> Information shown:
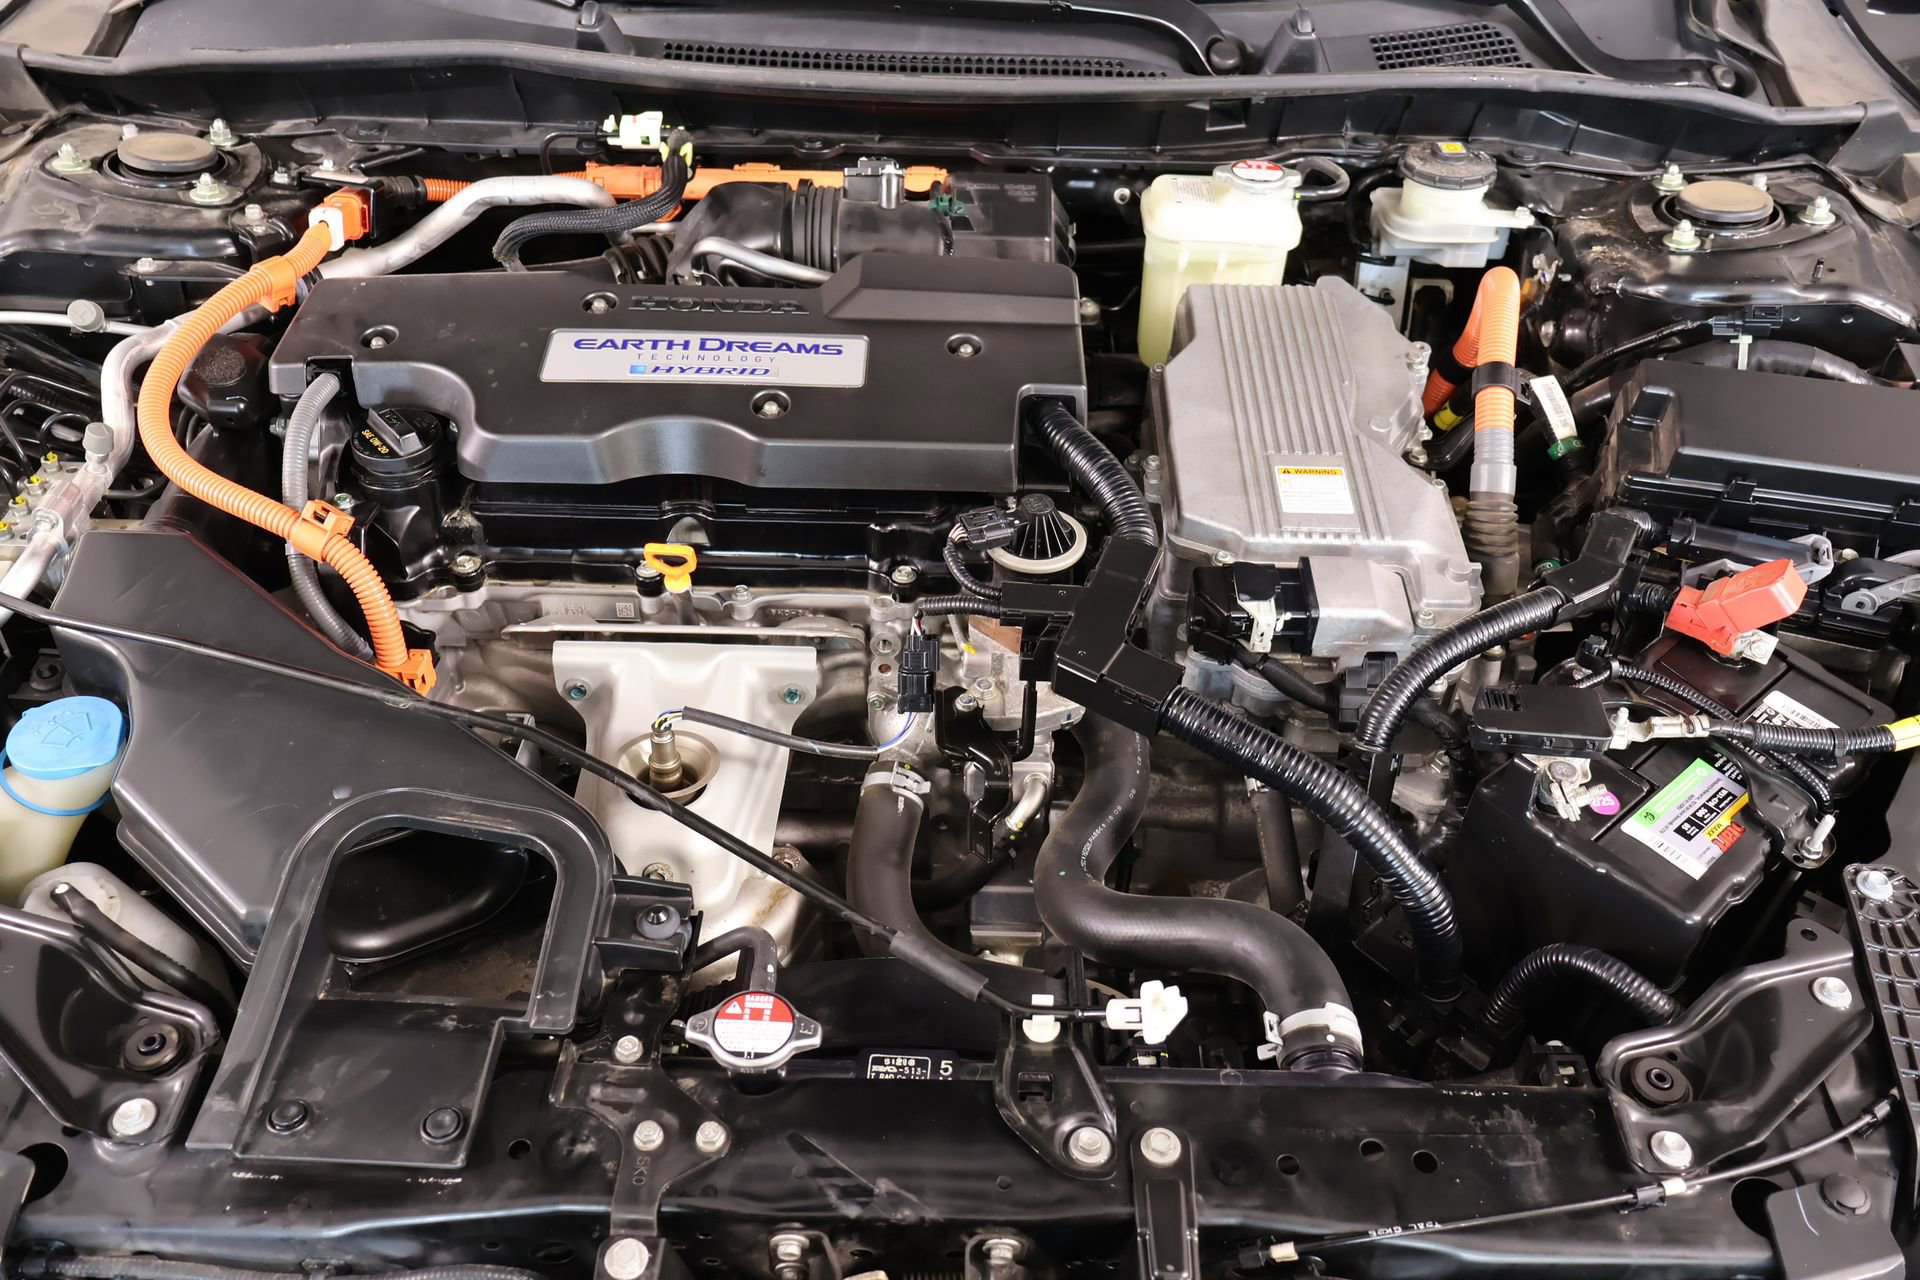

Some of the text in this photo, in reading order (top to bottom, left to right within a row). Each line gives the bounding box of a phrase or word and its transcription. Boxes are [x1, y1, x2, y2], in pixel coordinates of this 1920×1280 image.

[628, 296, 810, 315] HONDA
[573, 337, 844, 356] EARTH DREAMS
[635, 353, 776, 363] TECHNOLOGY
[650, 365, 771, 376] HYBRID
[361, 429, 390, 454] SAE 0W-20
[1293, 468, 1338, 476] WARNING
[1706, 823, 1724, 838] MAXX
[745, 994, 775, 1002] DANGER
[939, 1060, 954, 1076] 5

> What you need to do: Retype the records in full. Do not carry over the images.

> Answer box:
Some of the text in this photo, in reading order (top to bottom, left to right within a row). Each line gives the bounding box of a phrase or word and its transcription. Boxes are [x1, y1, x2, y2], in pixel coordinates of this 1920×1280 image.

[628, 296, 810, 315] HONDA
[573, 337, 844, 356] EARTH DREAMS
[635, 353, 776, 363] TECHNOLOGY
[650, 365, 771, 376] HYBRID
[361, 429, 390, 454] SAE 0W-20
[1293, 468, 1338, 476] WARNING
[1706, 823, 1724, 838] MAXX
[745, 994, 775, 1002] DANGER
[939, 1060, 954, 1076] 5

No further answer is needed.